7.1 Motivation: Adding Up Numbers#
This week, we’re going to learn about a powerful technique called recursion, which we’ll be using in various ways for the rest of the course. However, recursion is much more than just a programming technique, it is a way of thinking about solving problems. This new way of thinking can be summarized in this general strategy: identify how an object or problem can be broken down into smaller instances with the same structure.
Let’s begin with a series of problems that will demonstrate the need for recursion.
Summing lists and nested lists#
Consider the problem of computing the sum of a list of numbers. Easy enough:
def sum_list(lst: list[int]) -> int:
"""Return the sum of the items in a list of numbers.
>>> sum_list([1, 2, 3])
6
"""
s = 0
for num in lst:
s += num
return s
But what if we make the input structure a bit more complex: a list of lists of numbers? After a bit of thought, we might arrive at using a nested loop to process individual items in the nested list:
def sum_list2(lst: list[list[int]]) -> int:
"""Return the sum of the items in a list of lists of numbers.
>>> sum_list2([[1], [10, 20], [1, 2, 3]])
37
"""
s = 0
for list_of_nums in lst:
for num in list_of_nums:
s += num
return s
And now what happens if we want yet another layer, and compute the sum of the items in a list of lists of lists of numbers? Some more thought leads to a “nested nested list”:
def sum_list3(lst: list[list[list[int]]]) -> int:
"""Return the sum of the items in a list of lists of lists of numbers.
>>> sum_list3([[[1], [10, 20], [1, 2, 3]], [[2, 3], [4, 5]]])
51
"""
s = 0
for list_of_lists_of_nums in lst:
for list_of_nums in list_of_lists_of_nums:
for num in list_of_nums:
s += num
return s
Of course, you see where this is going: every time we want to add a new layer of nesting to the list, we add a new layer to the for
loop.
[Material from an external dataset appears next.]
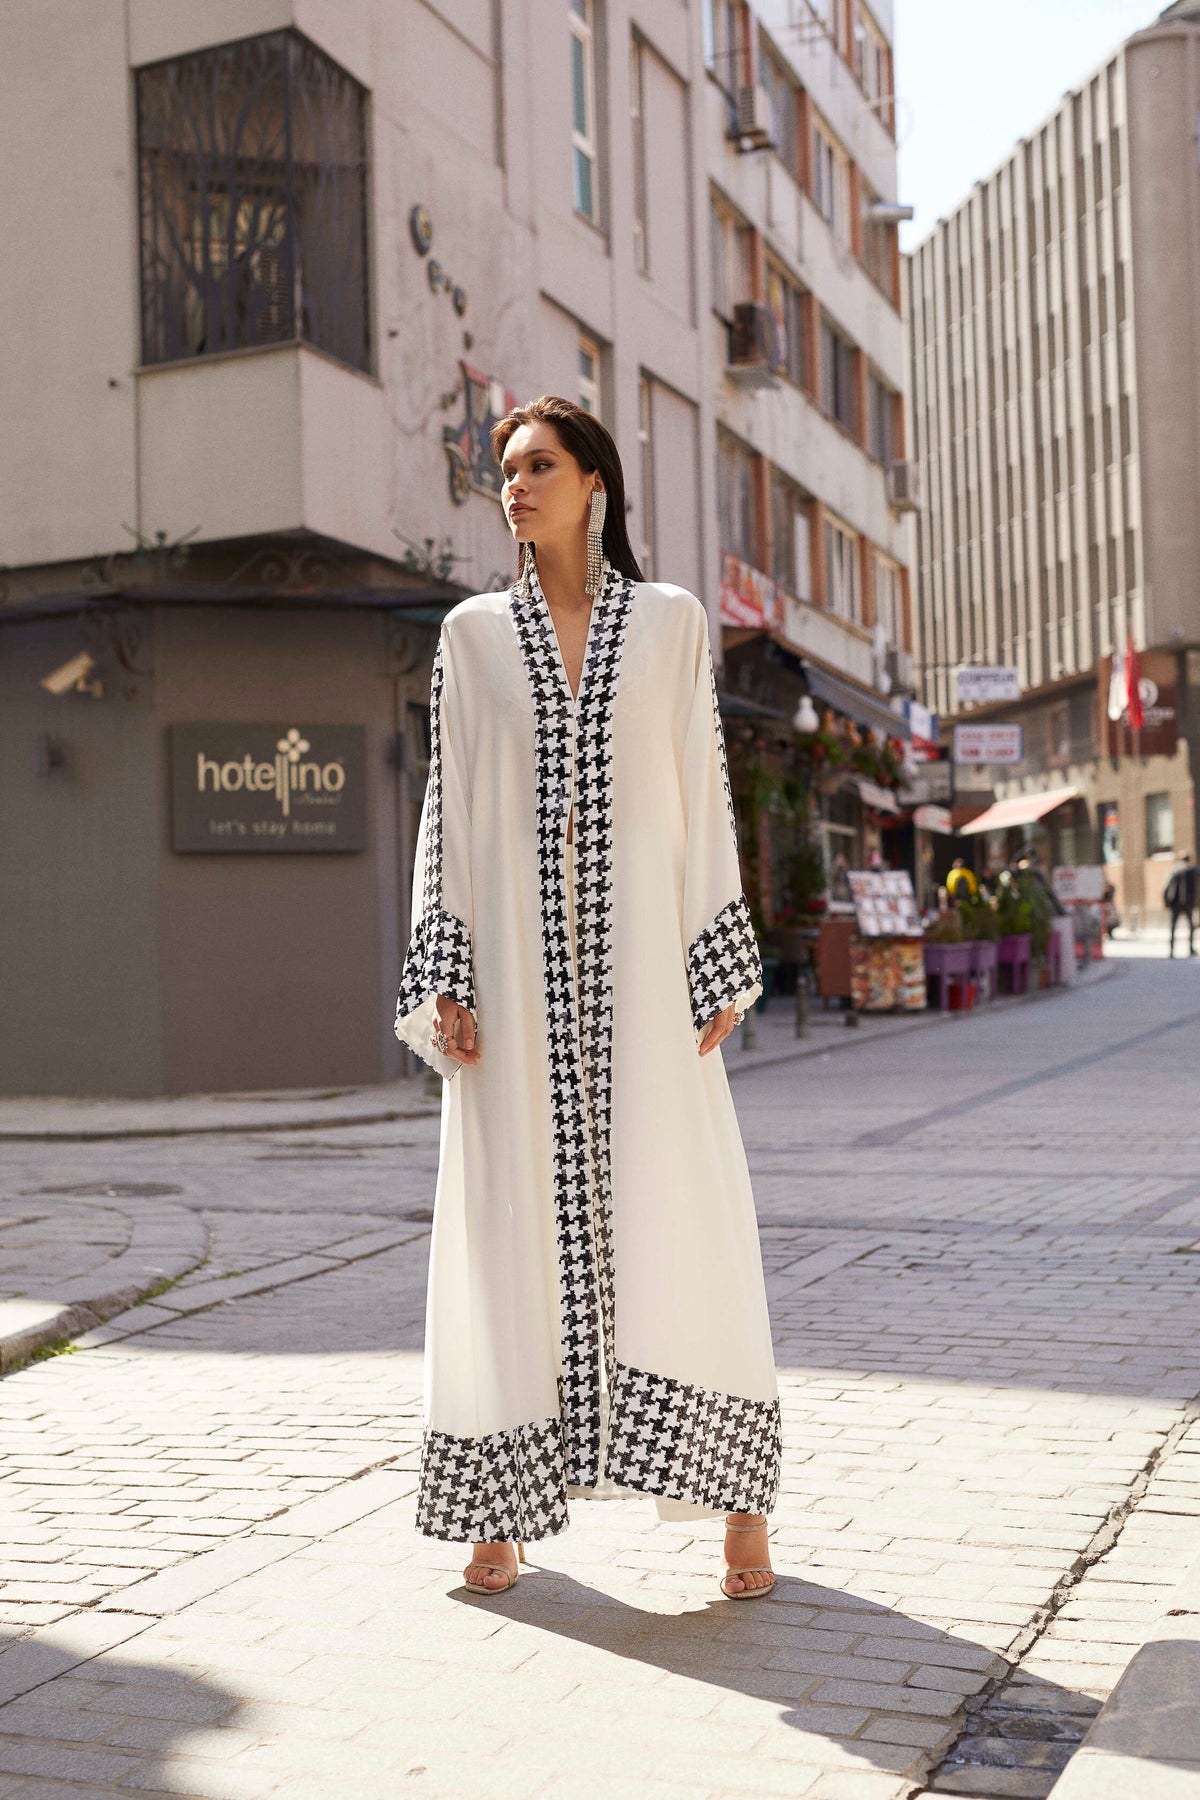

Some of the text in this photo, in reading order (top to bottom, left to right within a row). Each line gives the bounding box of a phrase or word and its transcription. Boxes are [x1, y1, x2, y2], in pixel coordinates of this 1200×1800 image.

[197, 752, 345, 816] hotellino
[210, 819, 336, 838] let's stay home
Note that this is quite interesting from a “meta” perspective: the structure of the data is mirrored in the structure of the code which operates on it.
Simplifying using helpers#
You might have noticed the duplicate code above: in fact, we can use sum_list
as a helper for sum_list2
, and sum_list2
as a helper for sum_list3
:
def sum_list(lst: list[int]) -> int:
"""Return the sum of the items in a list of numbers.
"""
s = 0
for num in lst:
# num is an int
s += num
return s
def sum_list2(lst: list[list[int]]) -> int:
"""Return the sum of the items in a list of lists of numbers.
"""
s = 0
for list_of_nums in lst:
# list_of_nums is a list[int]
s += sum_list(list_of_nums)
return s
def sum_list3(lst: list[list[list[int]]]) -> int:
"""Return the sum of the items in a list of lists of lists of numbers.
"""
s = 0
for list_of_lists_of_nums in lst:
# list_of_lists_of_nums is a list[list[int]]
s+ = sum_list2(list_of_lists_of_nums)
return s
While this is certainly a nice simplification, it does not generalize very nicely.
If we wanted to implement sum_list10
, a function which works on lists with ten levels of nesting, our only choice with this approach would be to first define sum_list4
, sum_list5
, etc., all the way up to sum_list9
.
Heterogeneous lists#
There is an even bigger problem: no function of this form can handle nested lists with a non-uniform level of nesting among its elements, like
[[1, [2]], [[[3]]], 4, [[5, 6], [[[7]]]]]
We encourage you to try running the above functions on such a list—what error is raised?